Direct-to-consumer prescription drug advertising is good and bad

Column by Jordan Covvey

I’d be willing to bet that by this point, everyone has seen the “Viva Viagra” television commercial. But just in case you haven’t, the general plot is the same throughout. An ordinary middle-aged man stumbles through his mundane life, fumbling through dance lessons, or perhaps returning from work in his sensible four-door sedan.

But somewhere along the way, the dawn breaks and this man begins spinning his wife around the dance floor with ease or coasts through the mountains on a decked-out motorcycle. Why, may you ask? All because of Viagra! In one of my favorite versions, a group of older men are gathered in a music recording studio in the wee hours of the morning when one breaks out in song regarding his beloved little blue pill. You certainly can’t charge Pfizer (makers of Viagra) with a lack of creativity.

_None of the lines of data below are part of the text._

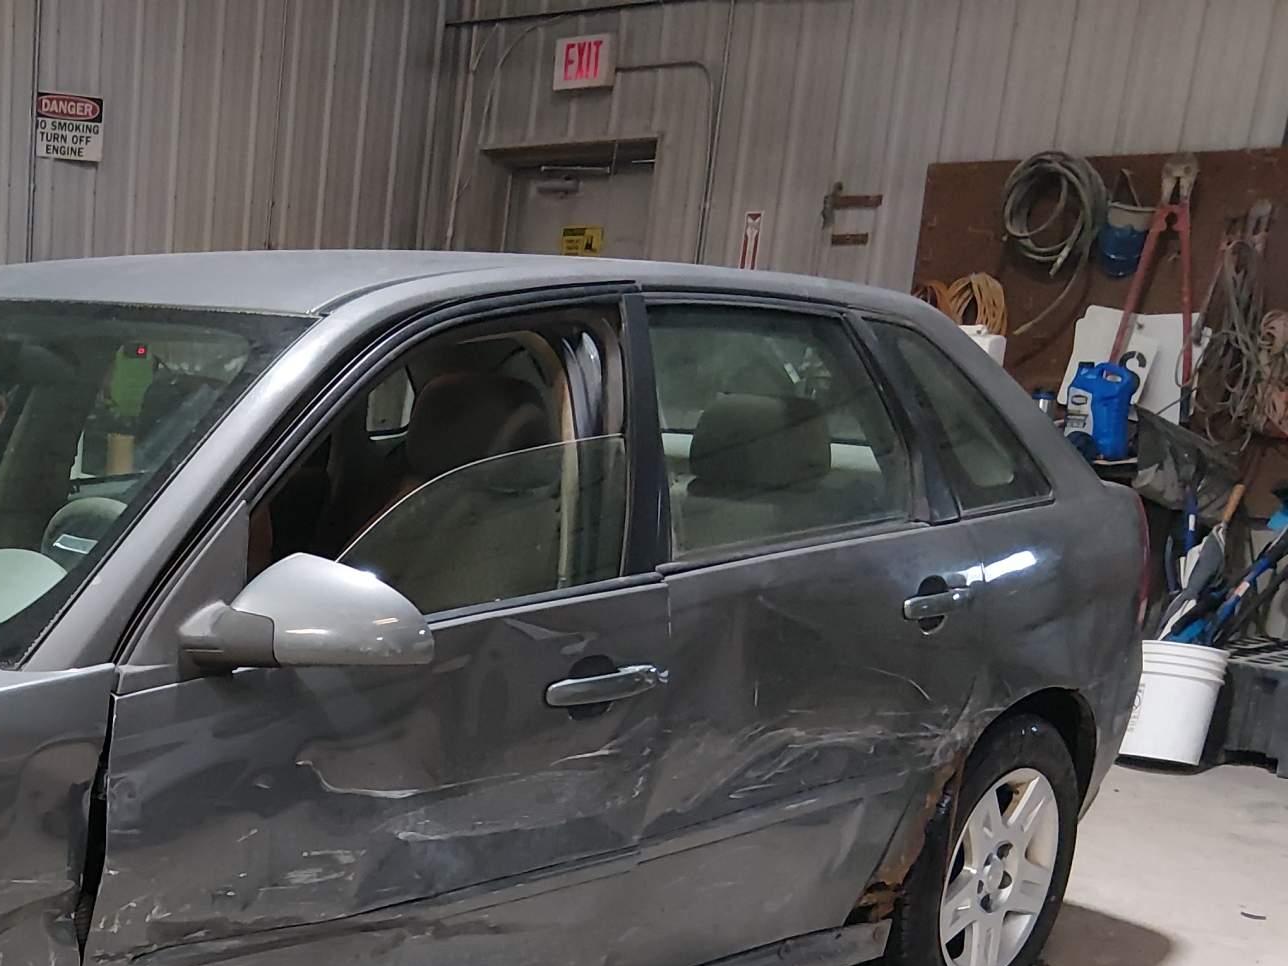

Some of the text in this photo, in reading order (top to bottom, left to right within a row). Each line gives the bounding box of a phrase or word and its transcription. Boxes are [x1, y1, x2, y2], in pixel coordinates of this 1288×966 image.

[563, 40, 603, 81] EXIT
[41, 99, 93, 117] DANGER
[36, 119, 100, 136] O SMOKING
[40, 131, 92, 146] TURN OFF
[46, 144, 85, 158] ENGINE

Viagra isn’t the only one. Commercial breaks are filled with balloons floating through the sky, relieving women of painful premenstrual symptoms (Yaz, made by Berlex Laboratories), or the bee with the French accent who finally gets to continue his love affair with a flower, cured of his seasonal allergies by the magic of Nasonex (made by Schering-Plough.) I wouldn’t begin to argue that these drugs don’t offer the relief that they claim. If this were the case, I might have to reconsider my career choice. However, they present an interesting force in today’s consumer market – direct-to-consumer advertising of prescription drugs.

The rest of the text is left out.